The first exhibition he curated was entitled The Mystery of Empty Space. It was well received and reported in the national press.

Weimin went on to curate the stunning exhibition of Chinese prints at the Ashmolean with Shelagh Vainker, curator of Chinese art at the Ashmolean.

“Shelagh was such an encouraging person to work with,” Weimin said. “She trusted my judgement to go to China and select prints. It was interesting seeing the changes taking place as an outside observer. Prints throughout the 20th century reflected every change in Chinese society.”

How did Weimin become artist in residence at the Ashmolean?

“It happened suddenly. My contract as a research fellow was about to end. I still sketched anything I could in my spare time and I had begun drawing the builders demolishing the back of the Ashmolean,” Weimin said.

“Christopher Brown, the director of the museum, heard about my sketches and, on my last day, invited me to stay on and be artist in residence. I was delighted, because I had come to love Oxford.”

Weimin’s Building the New Ashmolean was the opening exhibition. His parents were able to come and see his work — symbolic of an incredible life journey for the boy from a Manchurian village.

Weimin’s curiosity led him to his present post. While the building work on the Ashmolean progressed, his office was in the Gibson Building in the Radcliffe Observatory Quarter and so he could not stop himself sketching what was going on.

He explained: “Art doesn’t just record like a photograph, but expresses a spirit that touches you.

“When I saw the university was advertising for an artist in residence for the Observatory site, I applied and, of course, had plenty of work to show them.

“They have been extremely supportive to my project, and offered the prestigious St Luke’s Chapel as a place for me to restore a printing press from the 1840s. Block printing is time-consuming, but symbolic.”

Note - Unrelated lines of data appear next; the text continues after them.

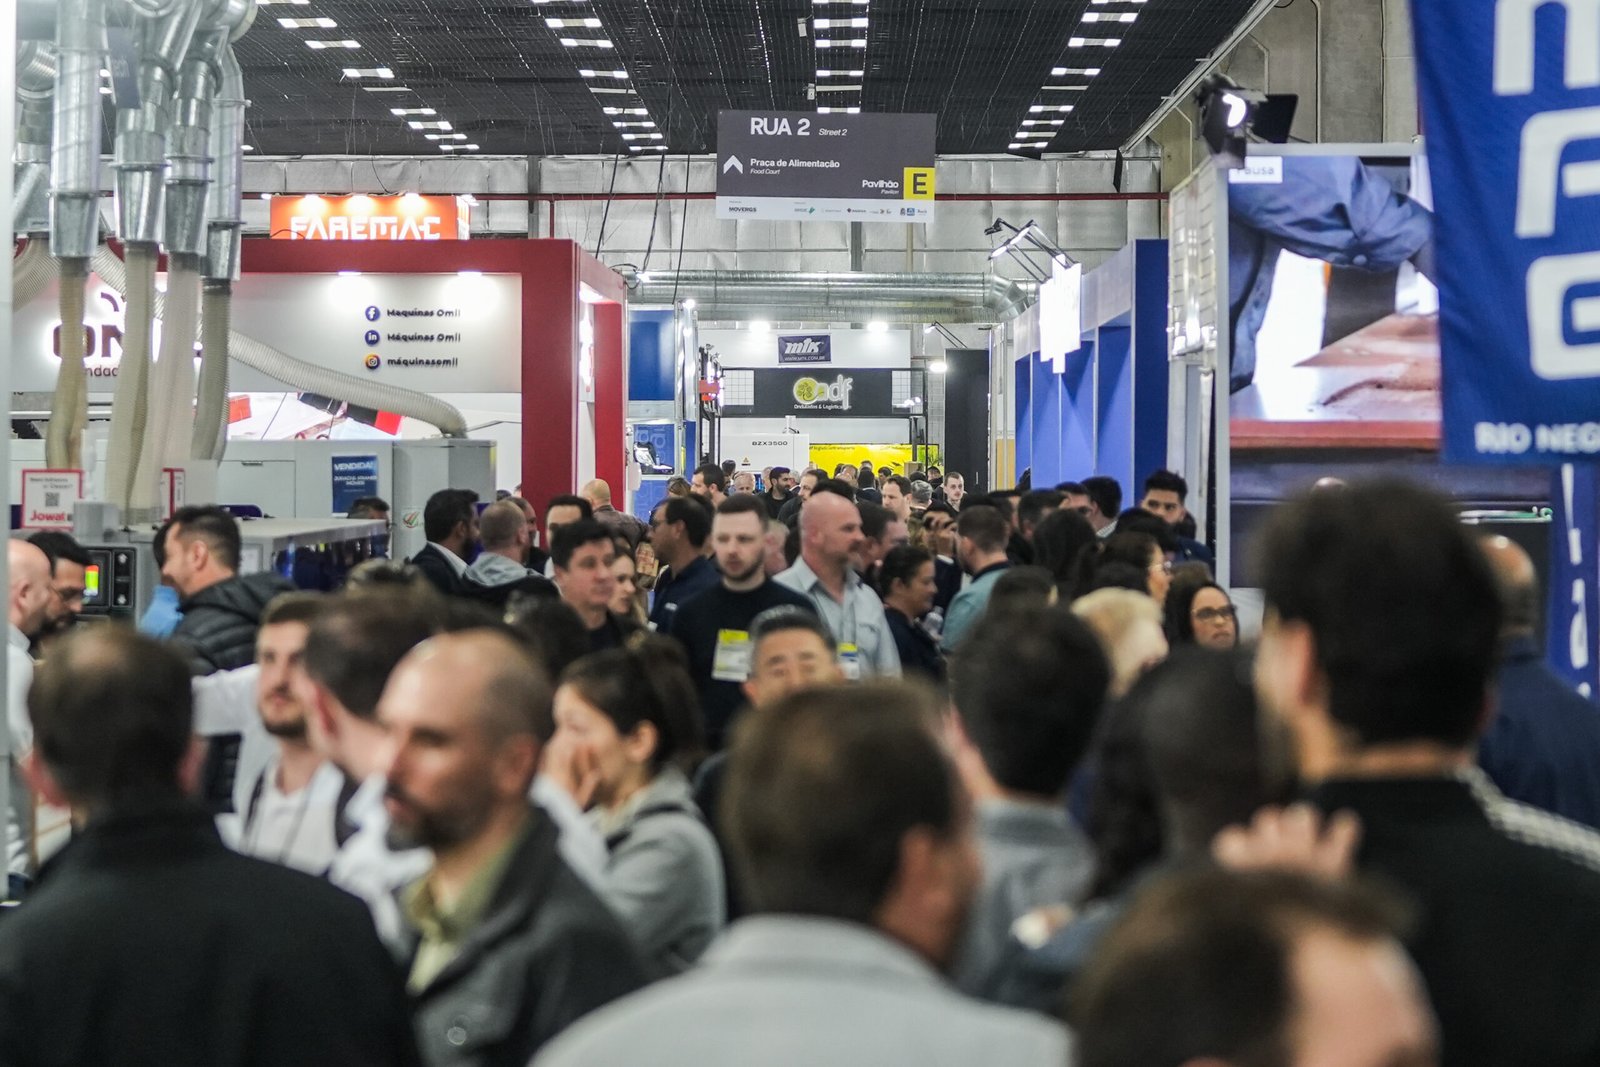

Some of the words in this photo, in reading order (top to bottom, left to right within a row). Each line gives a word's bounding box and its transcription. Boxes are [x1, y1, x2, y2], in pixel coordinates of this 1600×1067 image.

[750, 117, 793, 136] RUA
[797, 117, 811, 136] 2
[818, 128, 841, 136] Street
[841, 128, 848, 136] 2
[750, 158, 776, 168] Praça
[777, 159, 788, 168] de
[789, 159, 841, 169] Alimentação
[765, 168, 781, 176] Court
[1236, 166, 1275, 175] ausa
[862, 179, 900, 189] Pavilhão
[912, 173, 928, 195] E
[290, 216, 441, 240] FAREMAC
[436, 332, 461, 343] Omil
[1473, 421, 1533, 454] RIO

But what items from his fascinating life would Weimin like to take with him to our desert island?

“If I had my printing press on the island complete with materials I could carry on working,” he said
“I have one little piece of jewellery, a silver mounted claw given me by my grandmother — she was of the generation who had bound feet. This is the only thing I have of hers and I take it with me everywhere. I feel it has some mysterious power and represents my family,” he added.

“In Daoist art, the void is the place where life originates; being comes out of nothing. I would like to take to the desert island something that symbolises that idea. I think a folder of absolutely blank Chinese album leaves, ready for creation, would do that.

“I would also need an example of the work of my tutor Quan Xianguang. His teaching method was unique and inspiring. He painted one especially for me of Zhongkui, who desired peace and fought evil spirits.”

I reminded Weimin that, in the end, he would have to choose just one thing.

He said: “In that case, could you assemble in one folio a collection of prints by Rembrandt, Durer and Goya and by Ren Bonian Wu Changshuo, Huang Qui Yan and maybe attach a Han dynasty seal from the Ashmolean? That way I would have plenty to inspire me, especially if they came on top of my LE press.”